Top of LISTED ENTRIES

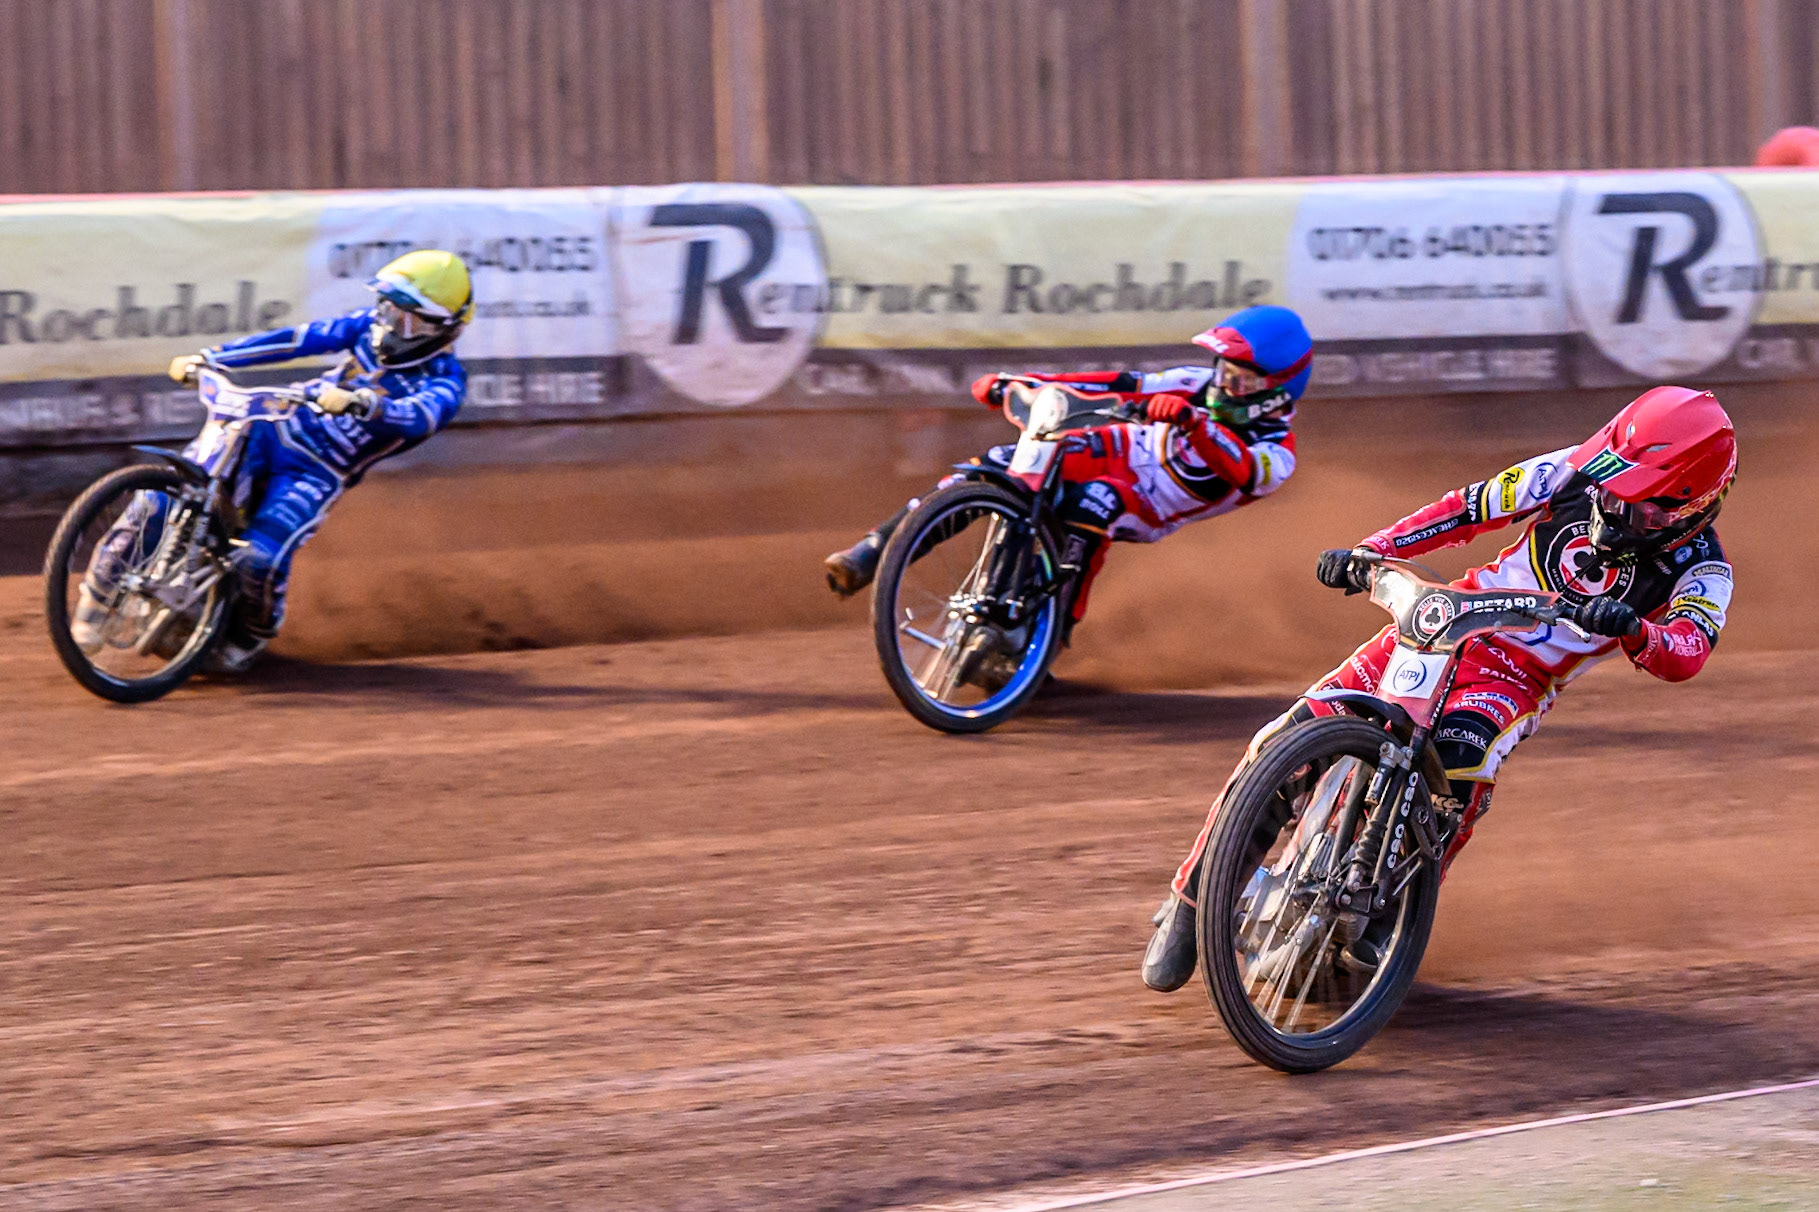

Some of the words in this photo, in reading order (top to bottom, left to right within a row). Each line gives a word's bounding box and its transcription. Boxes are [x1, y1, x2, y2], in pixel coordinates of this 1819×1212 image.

[1003, 260, 1273, 314] Rochdale
[0, 279, 293, 345] Rochdale
[1473, 596, 1537, 614] BETARD
[1398, 669, 1421, 682] ATPI
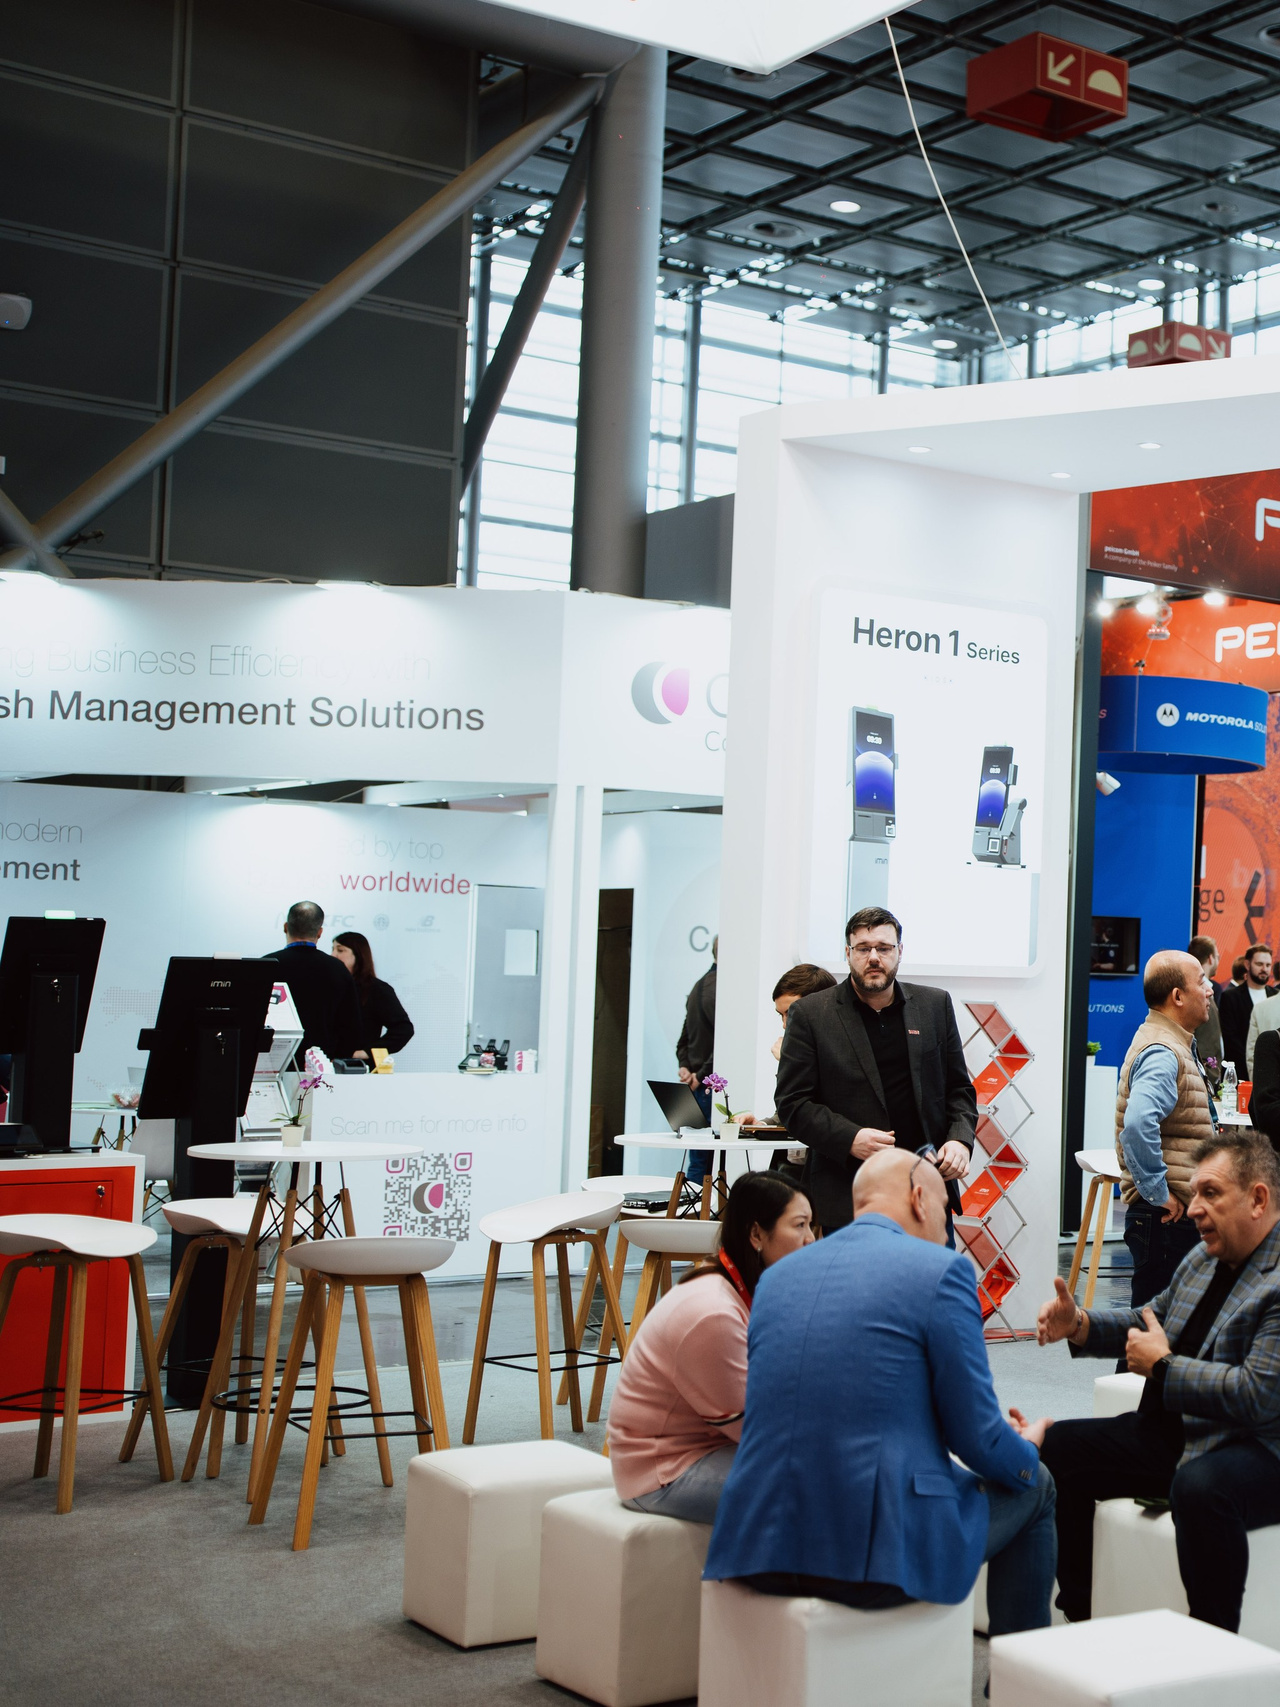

Bottom of LISTED ENTRIES

WHAT IS BEING ASKED »
Your task is to repeat the data above exactly while excluding the pictures.

EXPECTED ANSWER »
Some of the words in this photo, in reading order (top to bottom, left to right within a row). Each line gives a word's bounding box and its transcription. Boxes are [x1, y1, x2, y2], in pixel coordinates of this 1819×1212 image.

[1003, 260, 1273, 314] Rochdale
[0, 279, 293, 345] Rochdale
[1473, 596, 1537, 614] BETARD
[1398, 669, 1421, 682] ATPI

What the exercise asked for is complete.